> **WHAT TO PRODUCE**
Please output the listing that follows exactly, but keep all images out.

> **SOURCE MATERIAL**
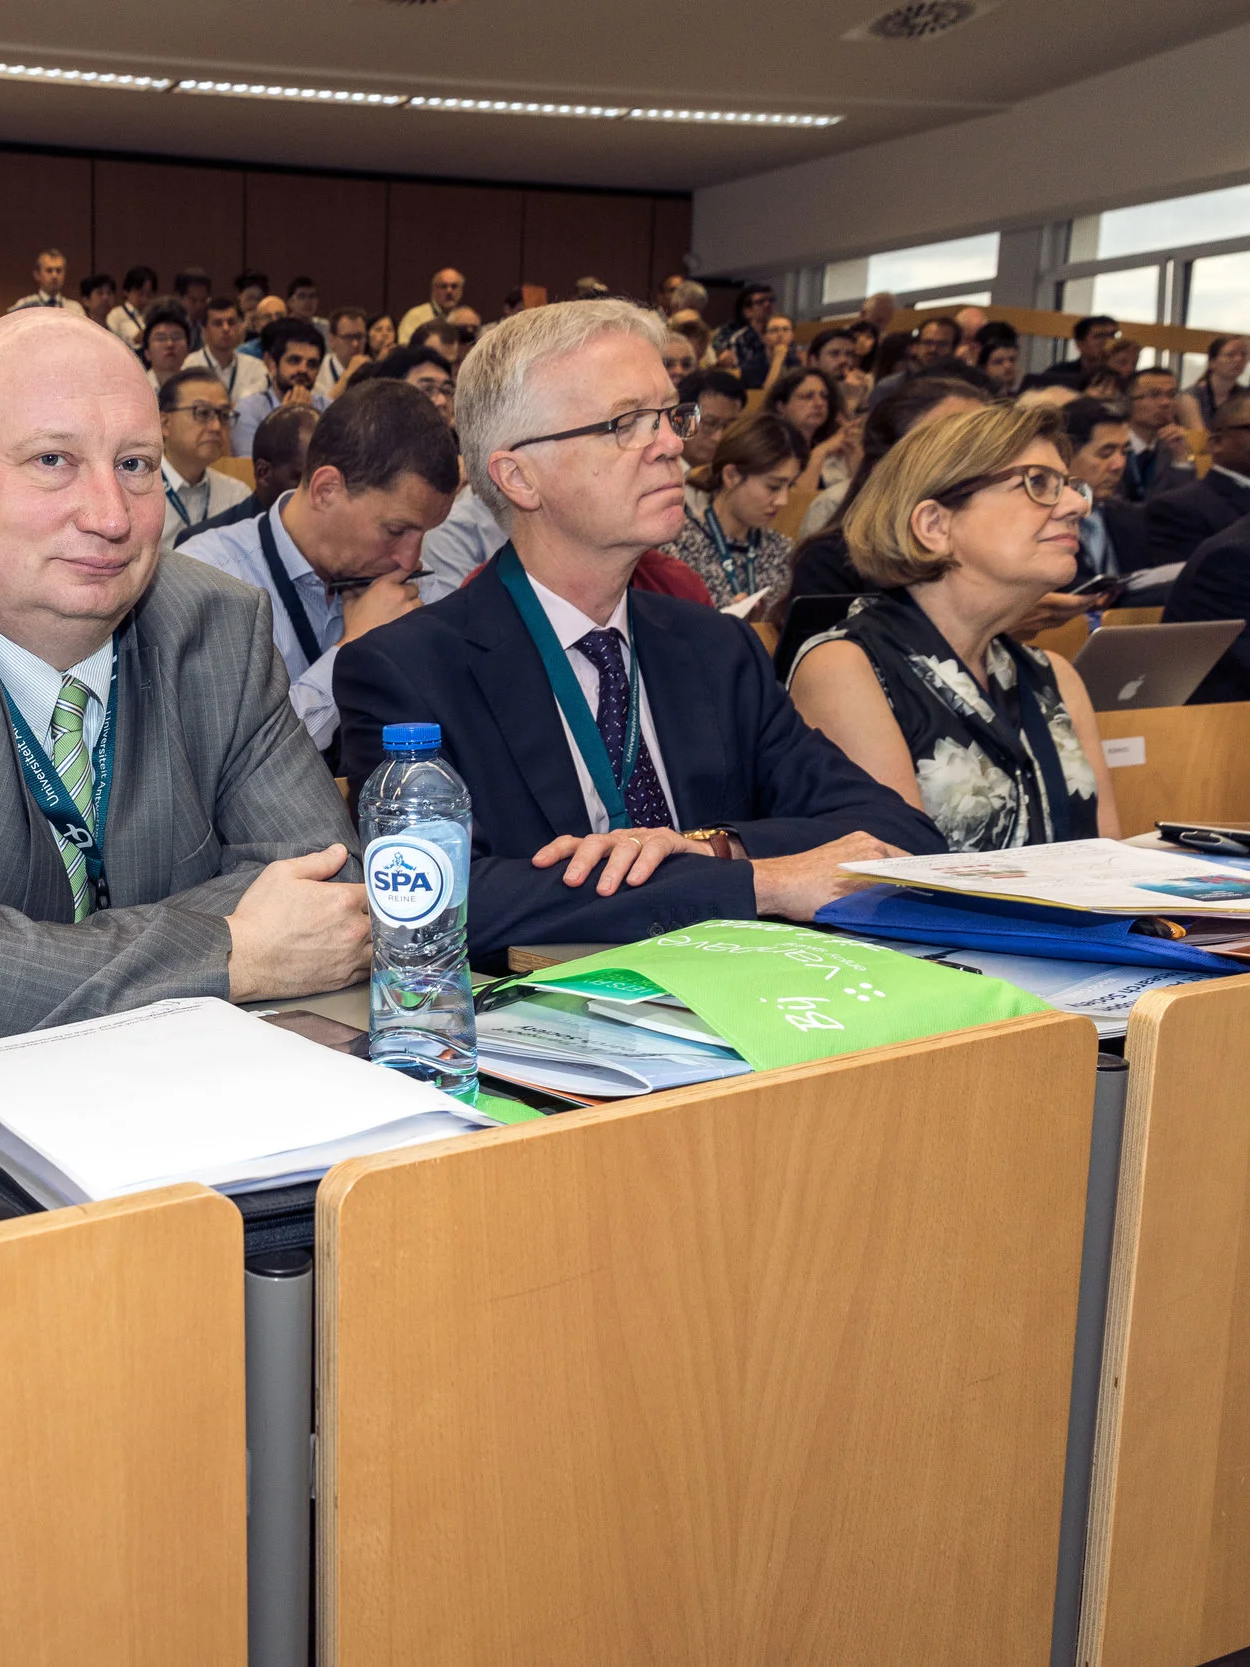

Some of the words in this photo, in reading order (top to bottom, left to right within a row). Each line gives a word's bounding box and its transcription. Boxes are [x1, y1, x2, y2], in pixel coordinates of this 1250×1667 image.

[97, 710, 112, 779] Universiteit
[17, 739, 59, 807] Universiteit
[374, 870, 433, 892] SPA
[388, 894, 416, 903] REINE
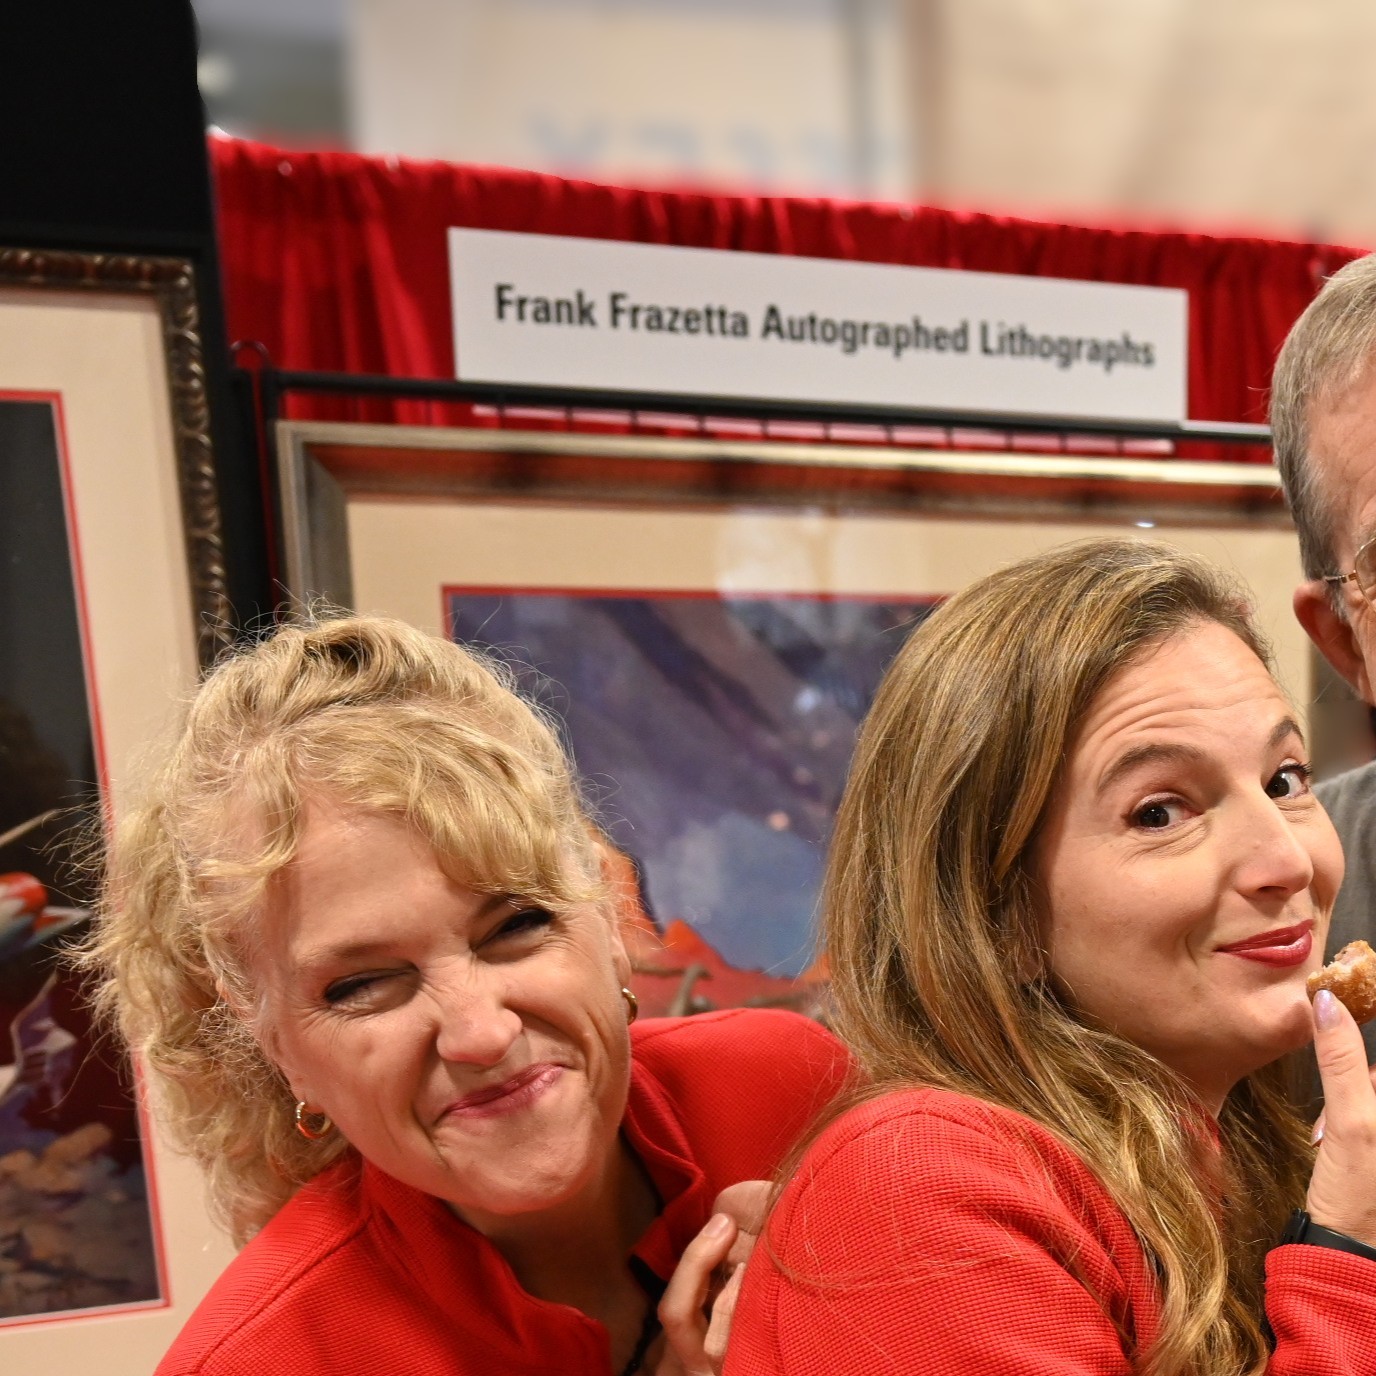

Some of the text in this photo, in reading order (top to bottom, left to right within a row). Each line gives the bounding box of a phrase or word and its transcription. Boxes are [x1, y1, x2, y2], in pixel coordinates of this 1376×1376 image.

[495, 284, 1154, 372] Frank Frazetta Autographed Lithographs
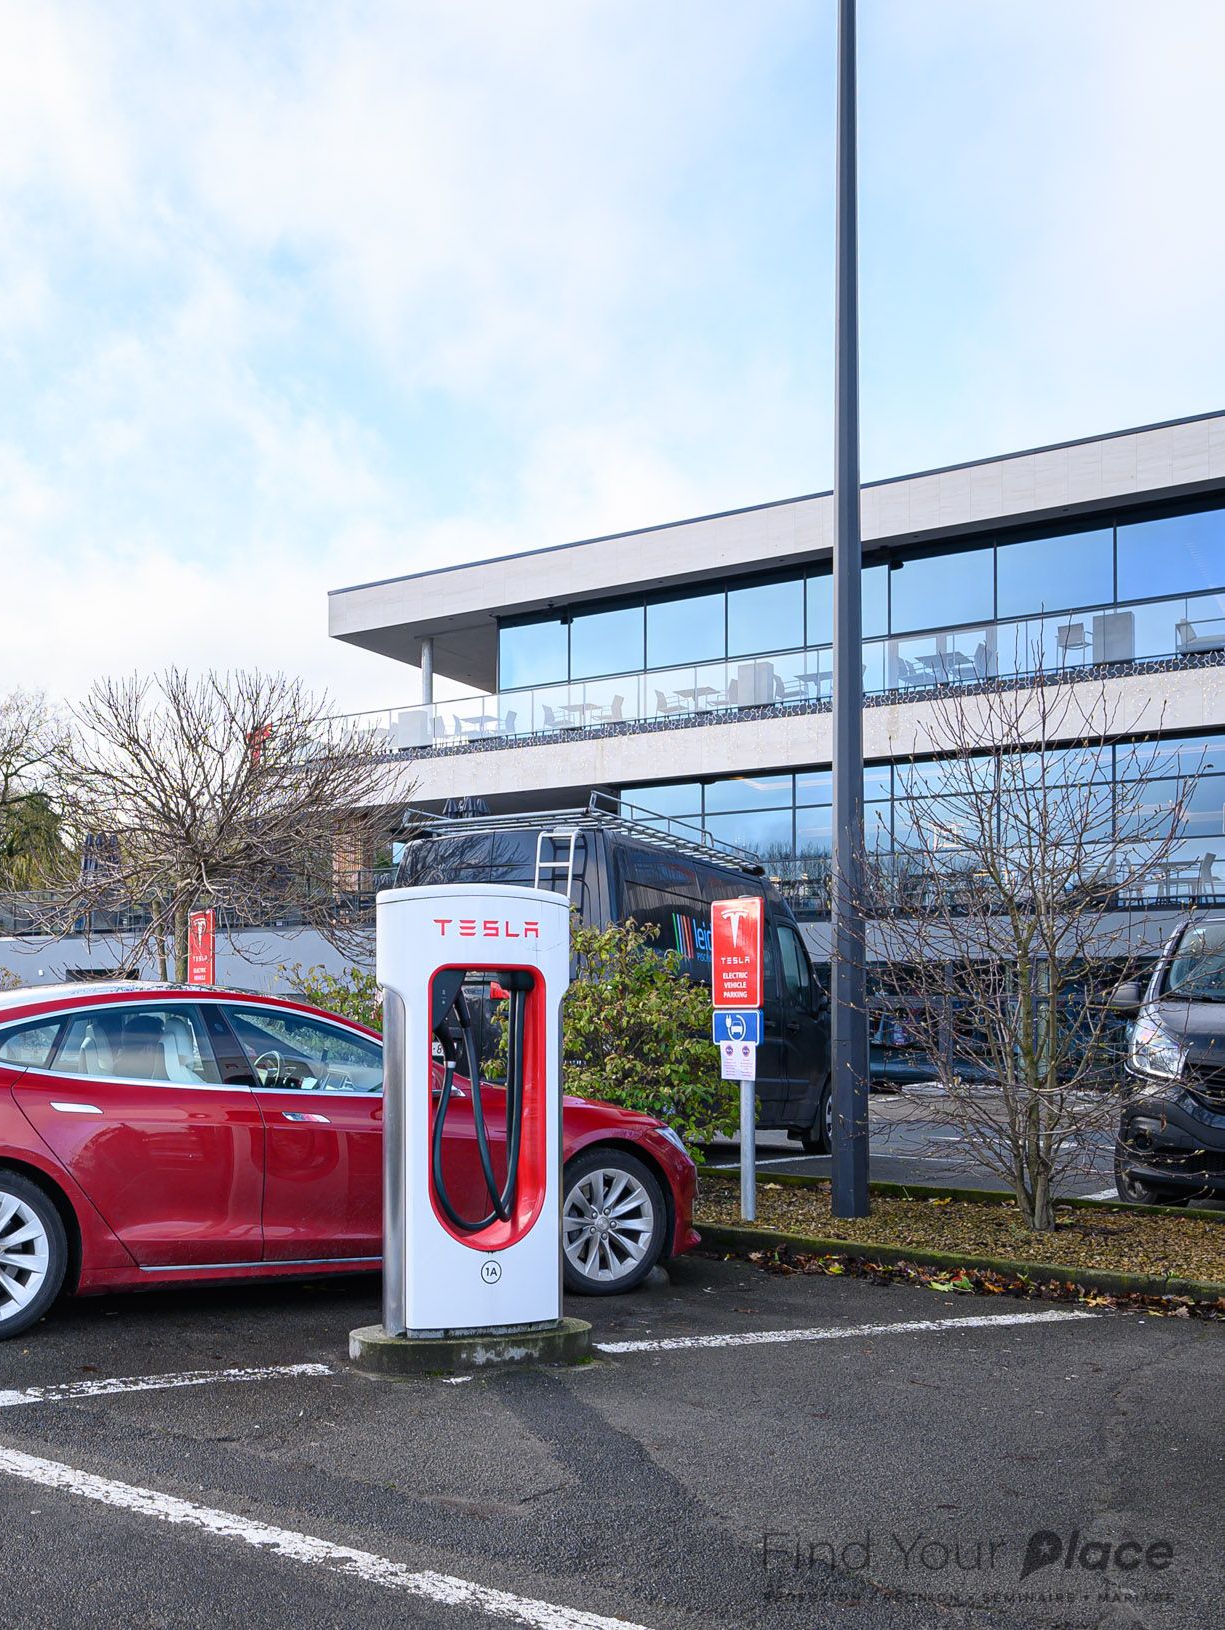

> **WRITTEN ANSWER**
Some of the words in this photo, in reading order (top to bottom, left to right within a row). Each line gives a word's bounding box and its transcription. Boxes are [x1, y1, x2, y2], in pixel coordinates of this 1250×1667 image.

[97, 710, 112, 779] Universiteit
[17, 739, 59, 807] Universiteit
[374, 870, 433, 892] SPA
[388, 894, 416, 903] REINE

Some of the text in this photo, in reading order (top to bottom, left to right within a row). Each line gives the bounding box of a phrase or word and its transcription. Boxes are [x1, y1, x2, y2], in pixel coordinates of this 1376×1376 image.

[495, 284, 1154, 372] Frank Frazetta Autographed Lithographs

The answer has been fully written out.